Le roman nous enferme rapidement dans ce huis-clos familial où les secrets du passé finissent par surgir, le temps d’une nuit au cours d’un dîner, où la tension qui s’installe dans la maison monte progressivement jusqu’à exploser en un véritable spectacle de la catastrophe. Cette tension qui anime le récit, qui s’intensifie et suspend le lecteur, est, il me semble, à la lumière de l’œuvre de Laurent Mauvignier. Une œuvre qui elle aussi monte en crescendo. Tout d’abord, car tout lecteur habitué à l’auteur aura remarqué la longueur du récit : près de 600 pages pour ce neuvième roman de l’écrivain, une nouveauté parmi ses récits antérieurs. Puis, et surtout, je trouve qu’Histoires de la nuit est d’une puissance littéraire incroyable. Ici se déploie l’écriture de l’écrivain dans toute sa prouesse et sa maîtrise romanesque, stylistique et littéraire : une écriture plus lente, scrupuleuse avec une attention et une finesse particulière à décrire les paysages, l’atmosphère, les personnages. Avez-vous remarqué la beauté des débuts de chapitres ?

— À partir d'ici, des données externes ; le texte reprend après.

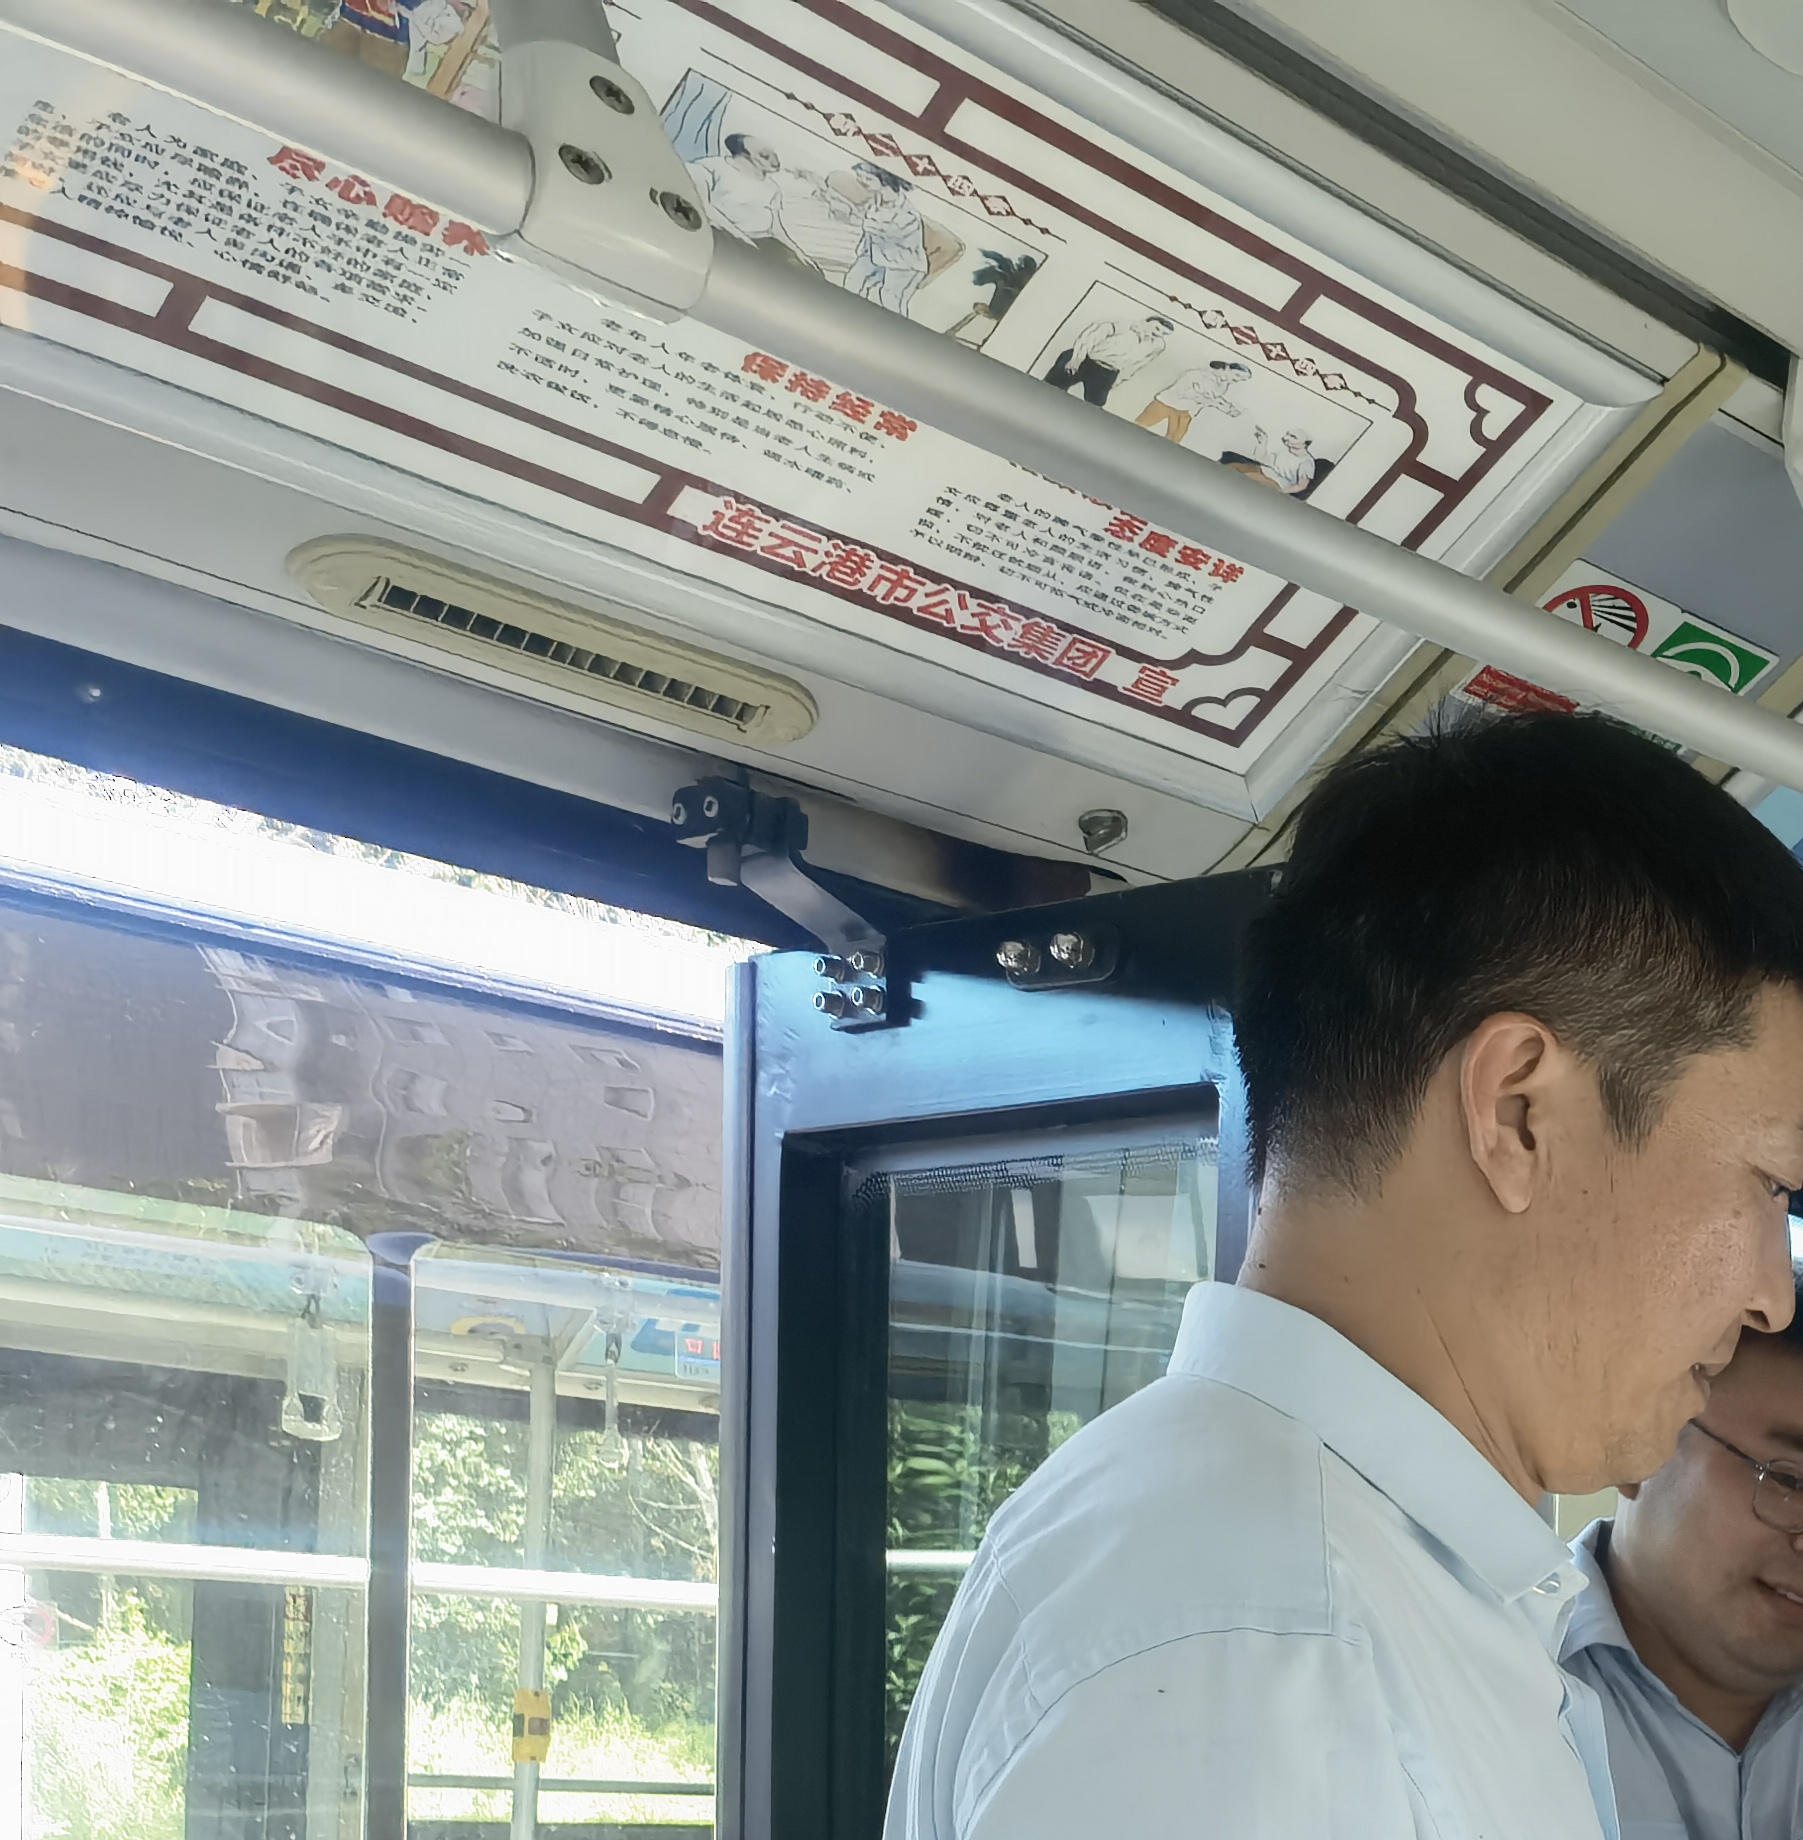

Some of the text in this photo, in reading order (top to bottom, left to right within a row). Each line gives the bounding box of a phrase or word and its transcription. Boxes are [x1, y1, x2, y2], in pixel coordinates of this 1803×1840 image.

[694, 494, 1179, 707] 连云港市公交集团 宣
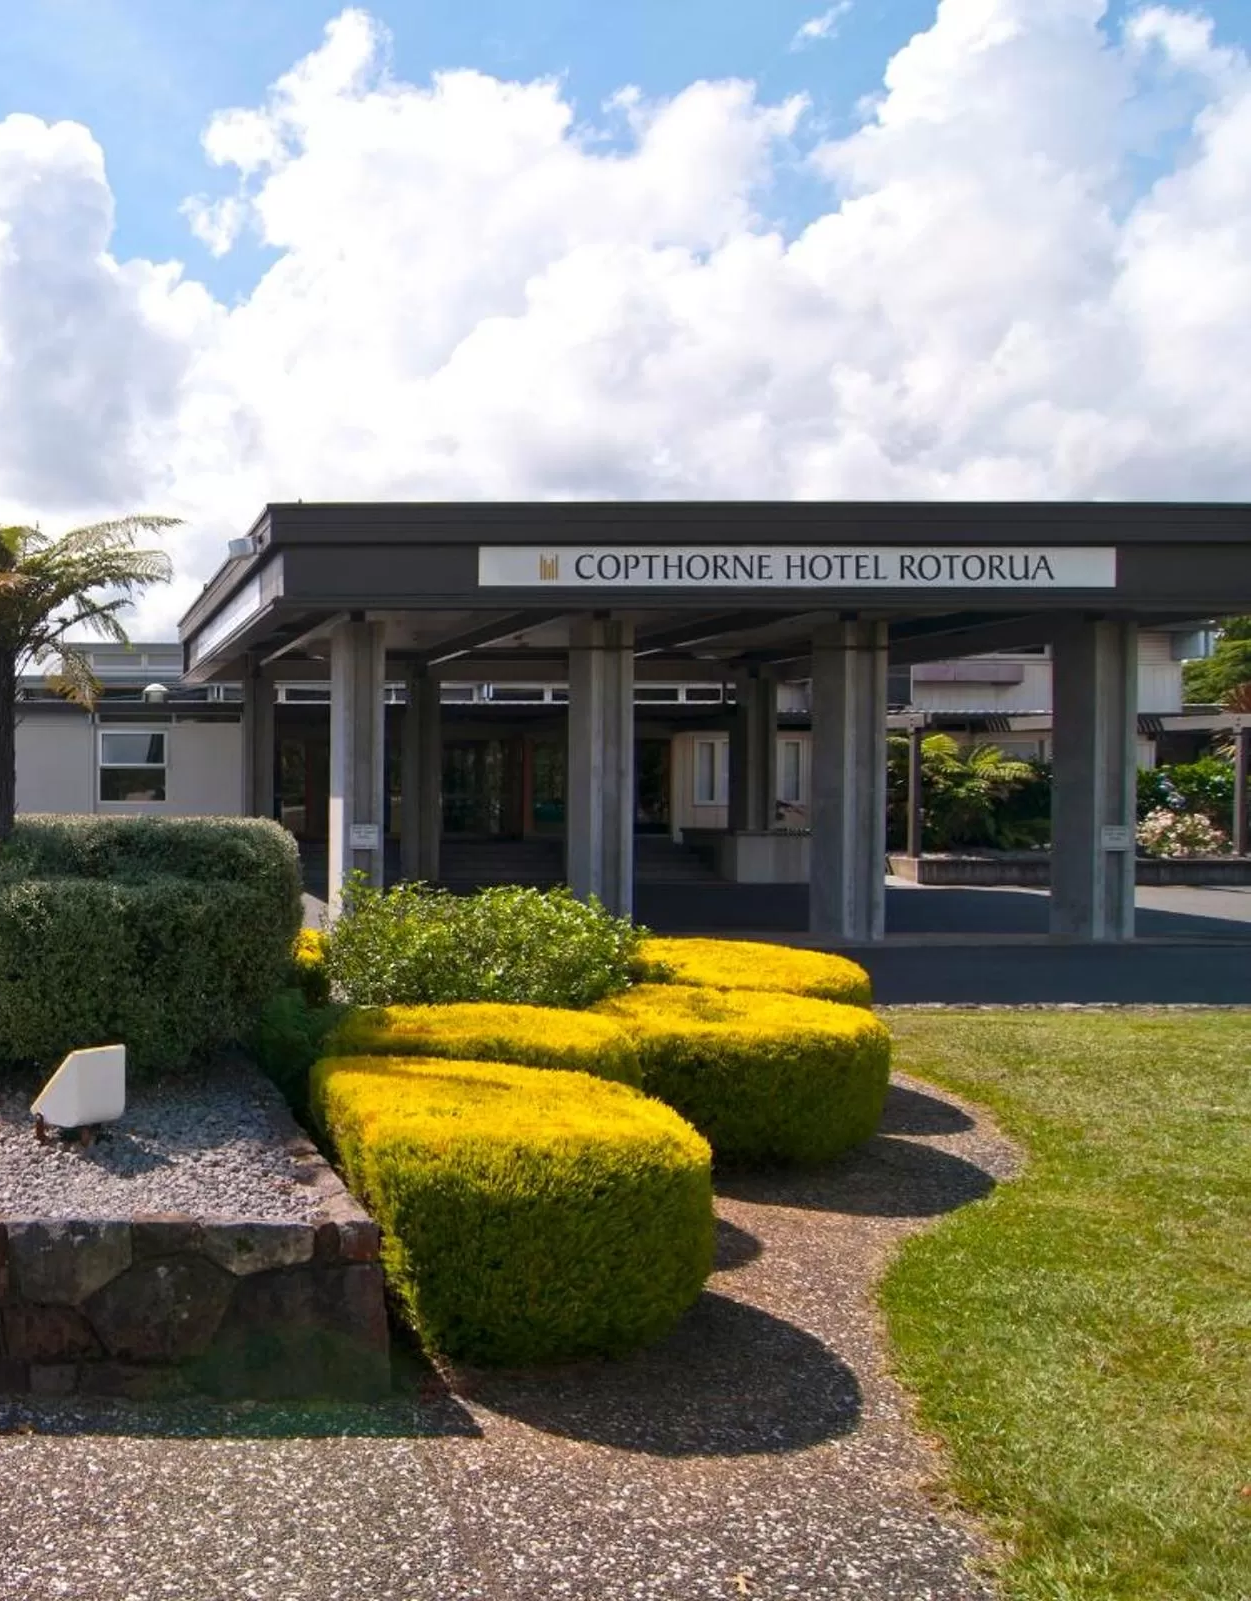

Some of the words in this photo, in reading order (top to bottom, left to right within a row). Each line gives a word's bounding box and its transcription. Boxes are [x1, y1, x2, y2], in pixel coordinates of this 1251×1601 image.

[574, 554, 773, 580] COPTHORNE
[785, 554, 887, 580] HOTEL
[899, 554, 1055, 580] ROTORUA
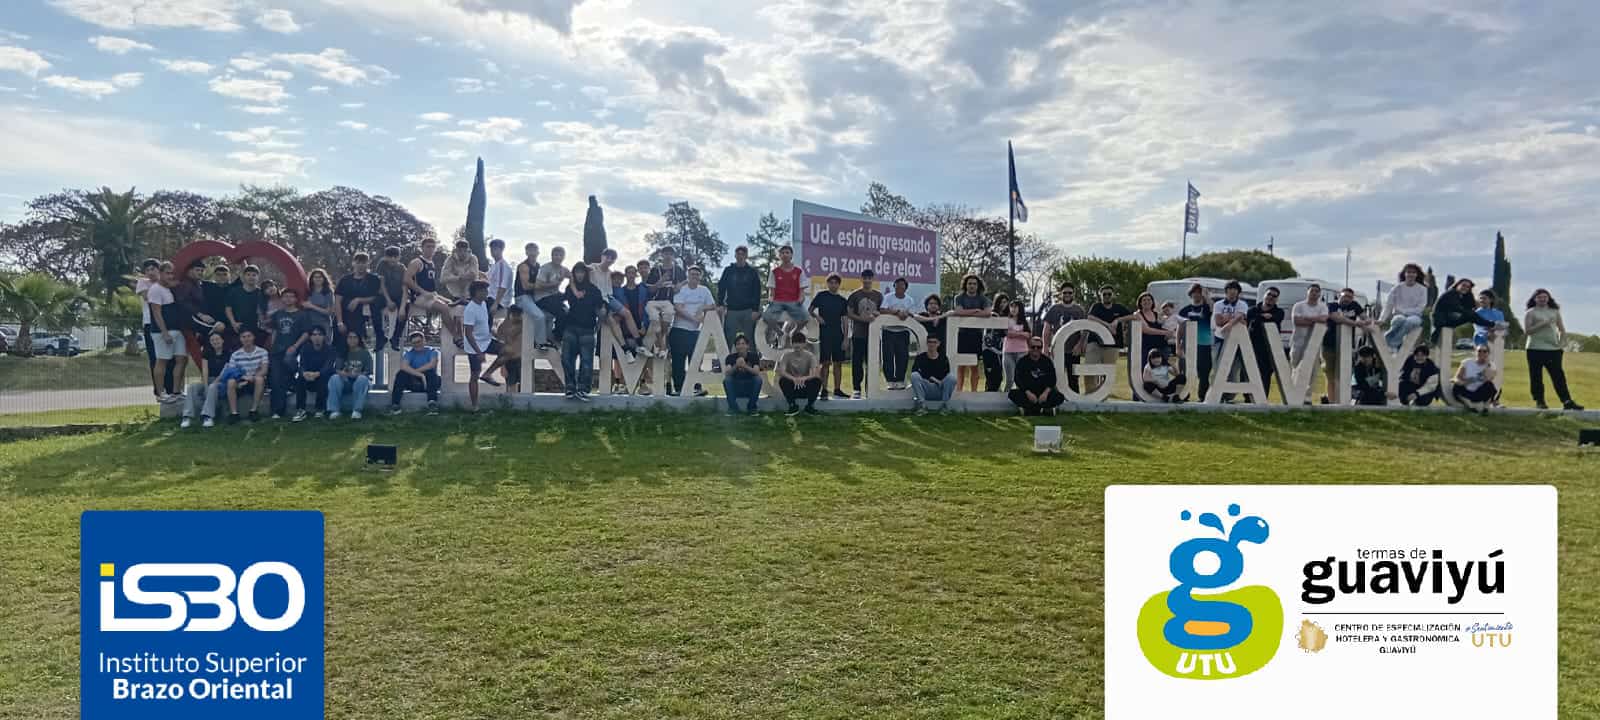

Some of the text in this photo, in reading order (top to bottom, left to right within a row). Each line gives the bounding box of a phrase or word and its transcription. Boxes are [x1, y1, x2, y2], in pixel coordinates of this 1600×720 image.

[810, 223, 931, 255] Ud. está ingresando
[820, 256, 922, 277] en zona de relax
[868, 314, 1009, 402] DE
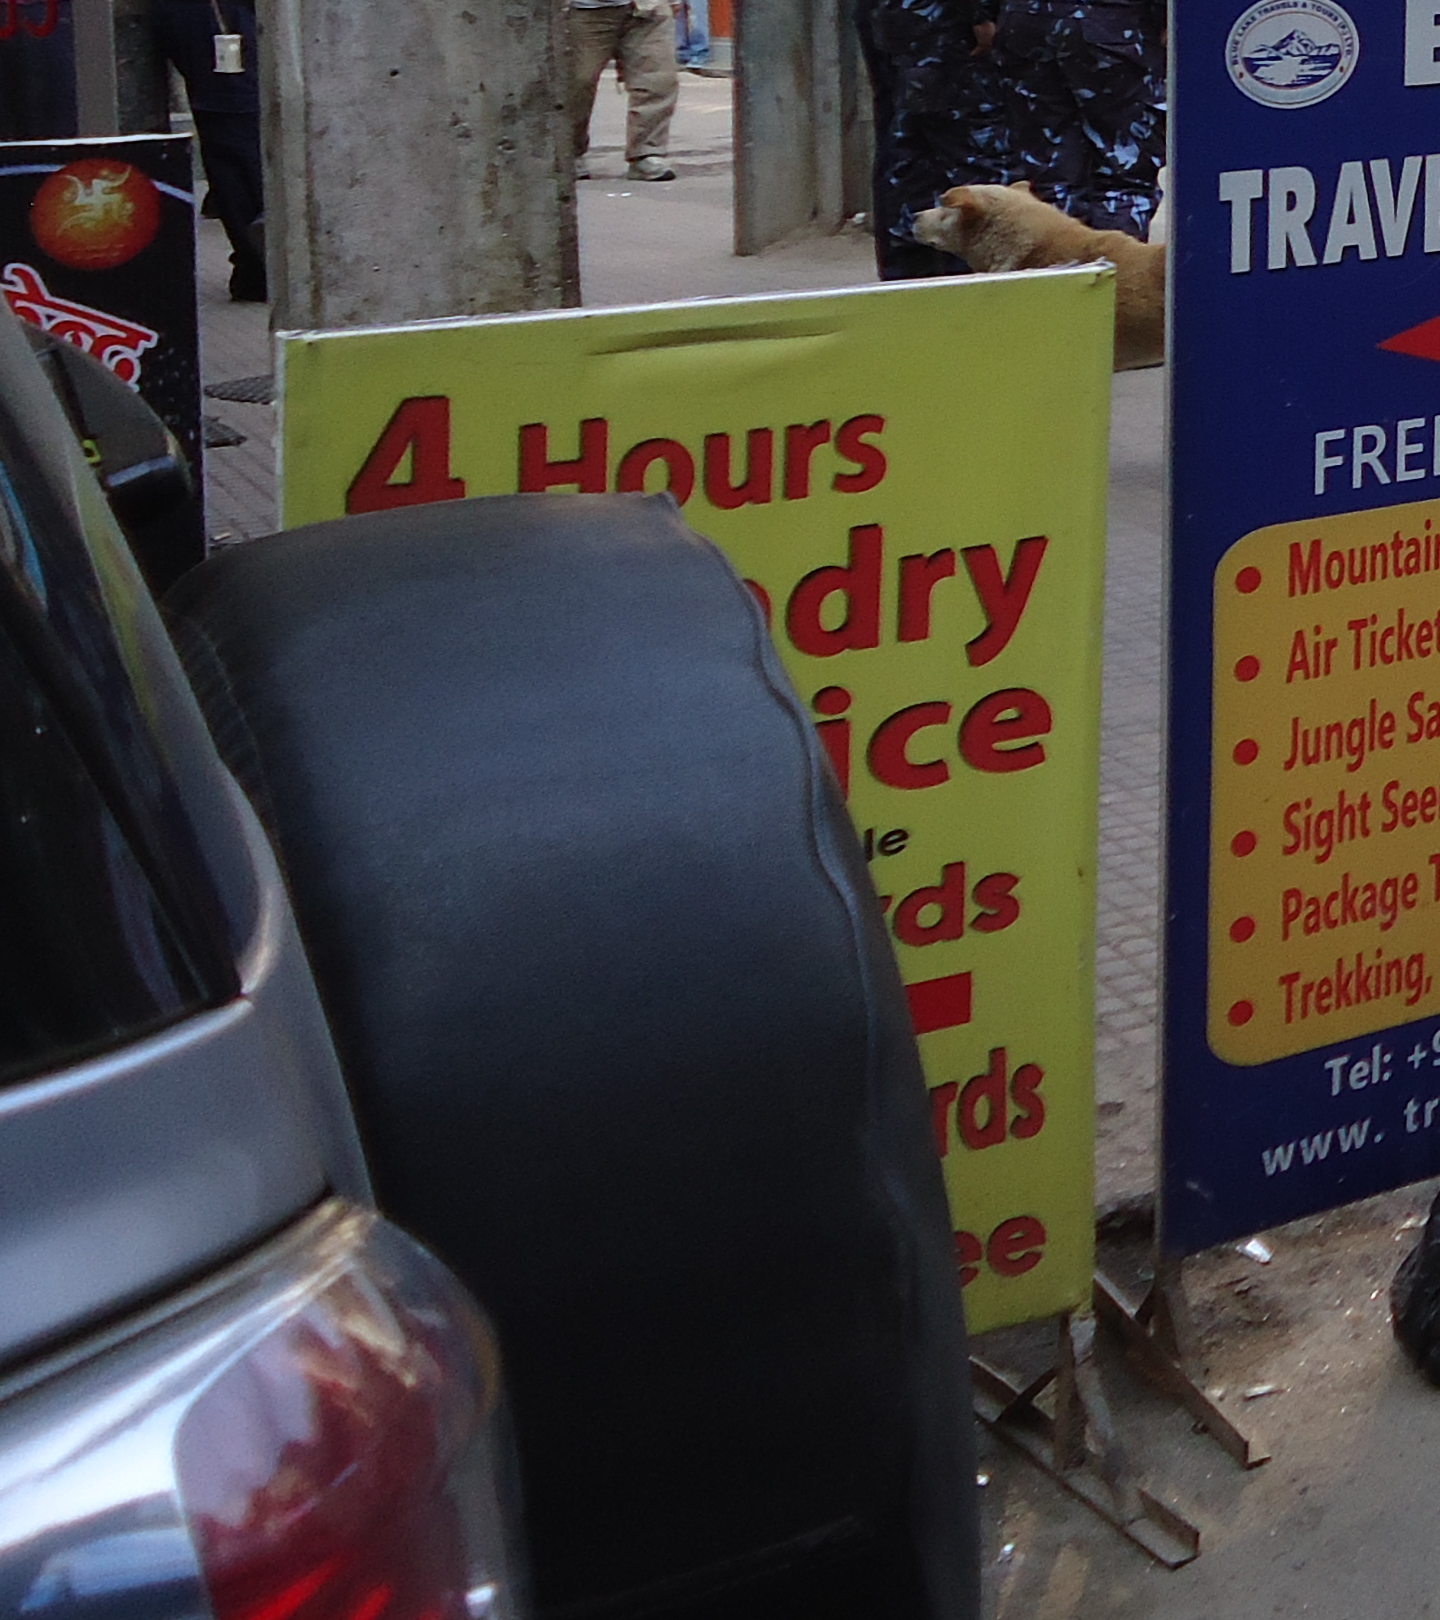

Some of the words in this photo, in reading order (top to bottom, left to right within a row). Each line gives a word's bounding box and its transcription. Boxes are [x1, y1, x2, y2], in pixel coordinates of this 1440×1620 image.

Dans Histoires de la nuit, Laurent Mauvignier va au bout de sa plume, comme si celle-ci se révélait, dans toute sa splendeur romanesque et littéraire.
Dans le fond, l’histoire de ce récit, tout le monde la connaît. Laurent Mauvignier le dit lui-même, cette histoire est prévisible, clichée. On l’a déjà vue à la télévision ou bien lue dans la rubrique faits-divers d’un journal. L’intrigue n’a donc rien d’originale, mais c’est précisément ce que l’écrivain en fait qui est intéressant. Beaucoup ont caractérisé ce roman de thriller. Je ne suis personnellement pas une lectrice de ce genre et je ne peux pas confirmer si ce roman s’y apprête. Pour autant, il y a bien une tension qui se lit entre ces pages, et ce sentiment de peur voire même d’angoisse que la lecture nous procure vient certainement du fait que cette histoire pourrait précisément ne pas être une fiction.
À La Bassée, lorsque le drame s’invite dans une vie de famille banale
Le récit se déroule une nouvelle fois à La Bassée, monde rural et ouvrier que les fidèles lecteurs et lectrices de Mauvignier ont déjà rencontré dans ses romans précédents, notamment dans son tout premier Loin d’eux.
La vie des Bergogne, elle, est rythmée par la banalité du quotidien où « presque tous les soirs se répètent les mêmes gestes, les mêmes actions insignifiantes et lentes, mécaniques presque, effectuées les unes après les autres sans qu’on les interroge ni les mette en doute ». Mais dans le même temps, c’est à cette routine, à ce quotidien qui se répète, que s’accrochent les personnages. Comme si ces habitudes étaient devenues un rituel, un passage obligé afin de maintenir un lien entre eux : la surprise qu’organisent Patrice et Ida pour l’anniversaire de Marion, le « moment » où Marion pose le livre des Histoires de la nuit sur la table de chevet et qu’elle embrasse Ida, la préparation du dîner, etc.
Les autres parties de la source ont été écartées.